Everything in the data should be repeated exactly, save for the images.

** Opening EXTRACTED ENTRIES block **

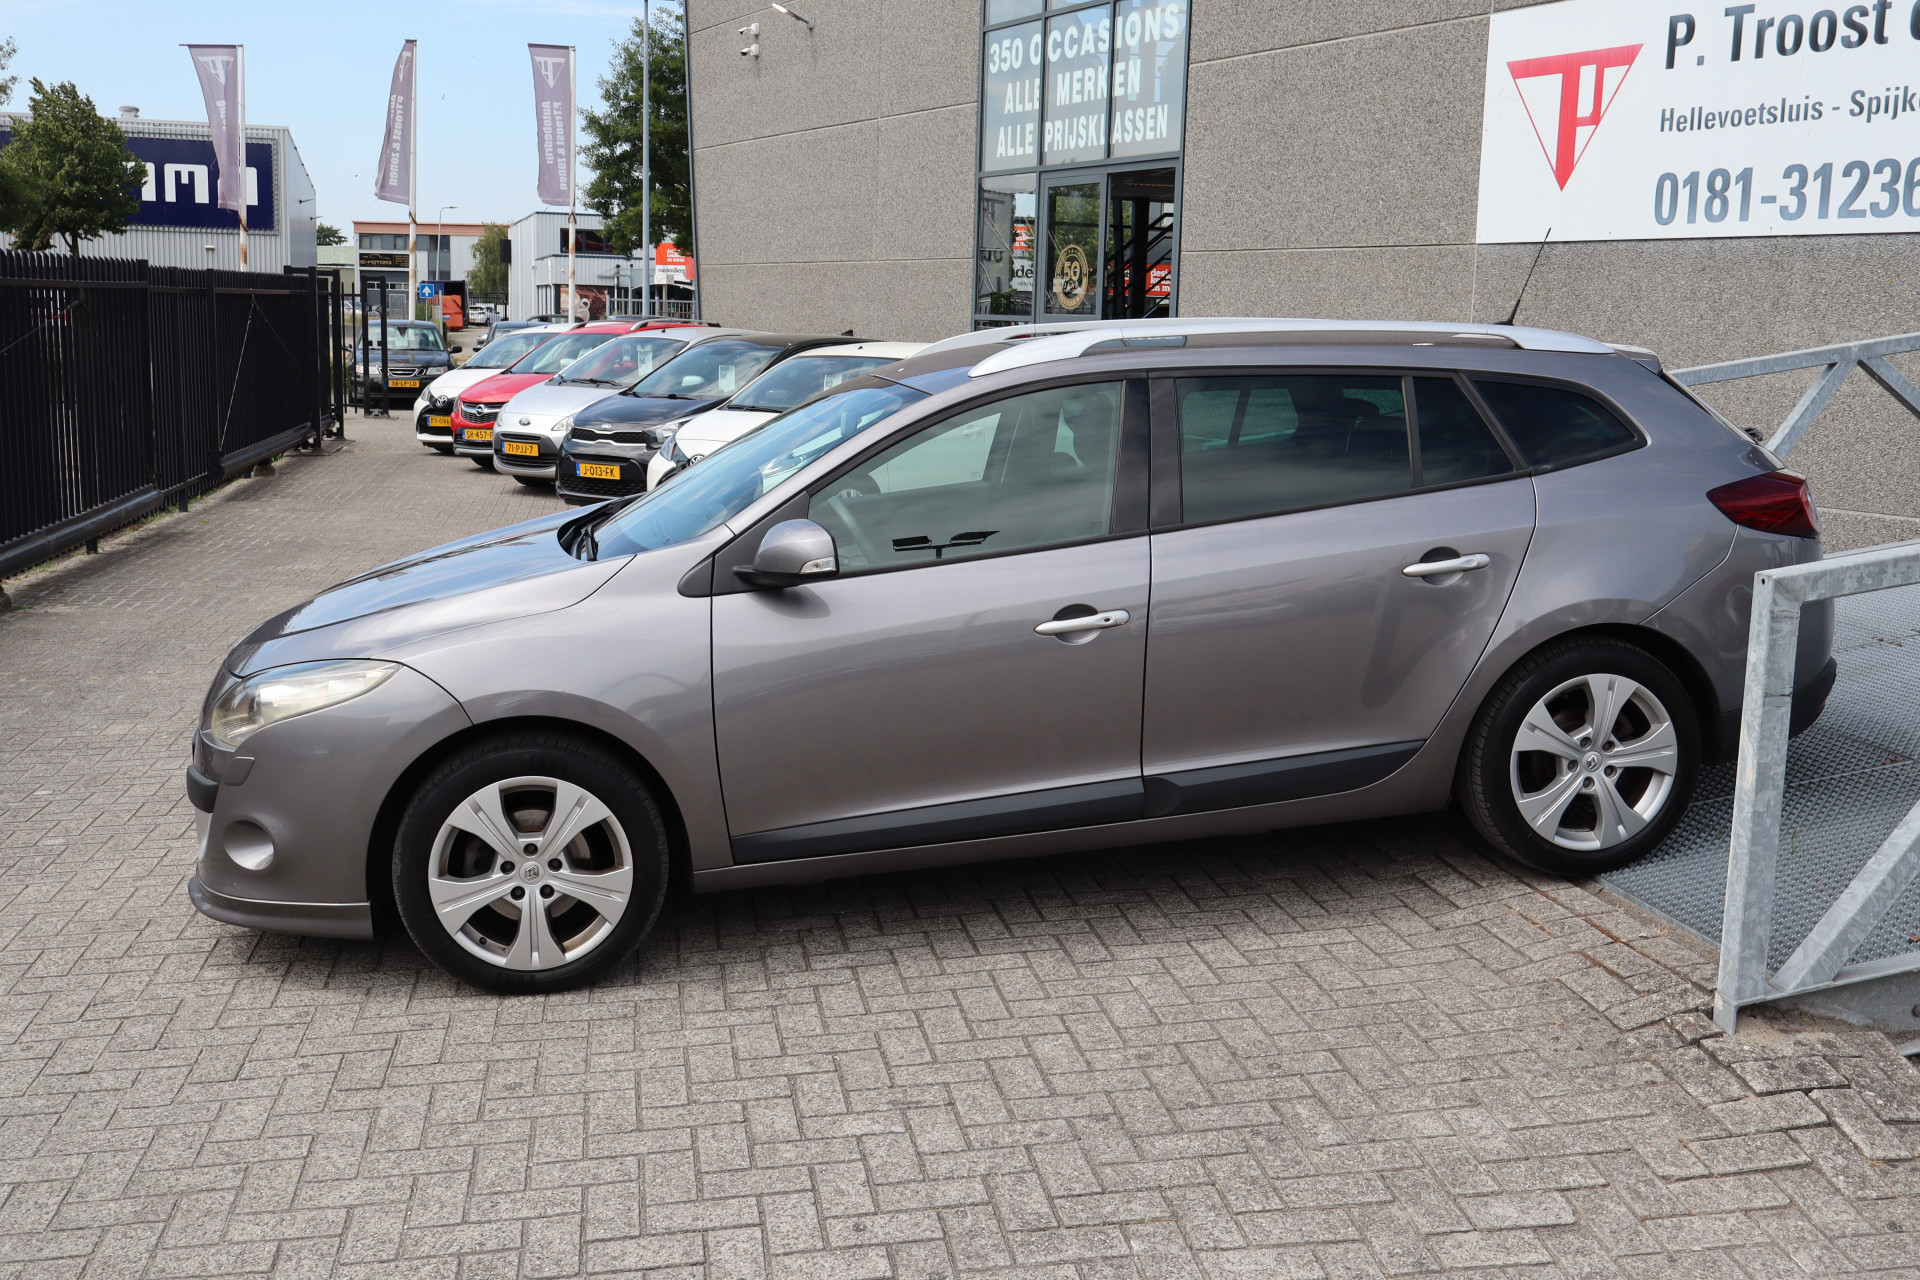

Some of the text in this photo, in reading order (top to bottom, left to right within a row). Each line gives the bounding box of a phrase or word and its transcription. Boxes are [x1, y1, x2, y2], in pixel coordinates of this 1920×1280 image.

[989, 3, 1180, 74] 350 OCCASIONS
[1665, 13, 1705, 70] P.
[1724, 0, 1893, 62] Troost
[1004, 59, 1142, 114] ALLE MERKEN
[1659, 95, 1824, 133] Hellevoetsluis
[1849, 85, 1920, 124] Spijk
[996, 104, 1169, 158] ALLE PRIJSKLASSEN
[1063, 261, 1080, 281] 50
[583, 465, 616, 479] J-013-FK

** Closing EXTRACTED ENTRIES block **

■ **TASK ANSWER**:
Some of the text in this photo, in reading order (top to bottom, left to right within a row). Each line gives the bounding box of a phrase or word and its transcription. Boxes are [x1, y1, x2, y2], in pixel coordinates of this 1920×1280 image.

[989, 3, 1180, 74] 350 OCCASIONS
[1665, 13, 1705, 70] P.
[1724, 0, 1893, 62] Troost
[1004, 59, 1142, 114] ALLE MERKEN
[1659, 95, 1824, 133] Hellevoetsluis
[1849, 85, 1920, 124] Spijk
[996, 104, 1169, 158] ALLE PRIJSKLASSEN
[1063, 261, 1080, 281] 50
[583, 465, 616, 479] J-013-FK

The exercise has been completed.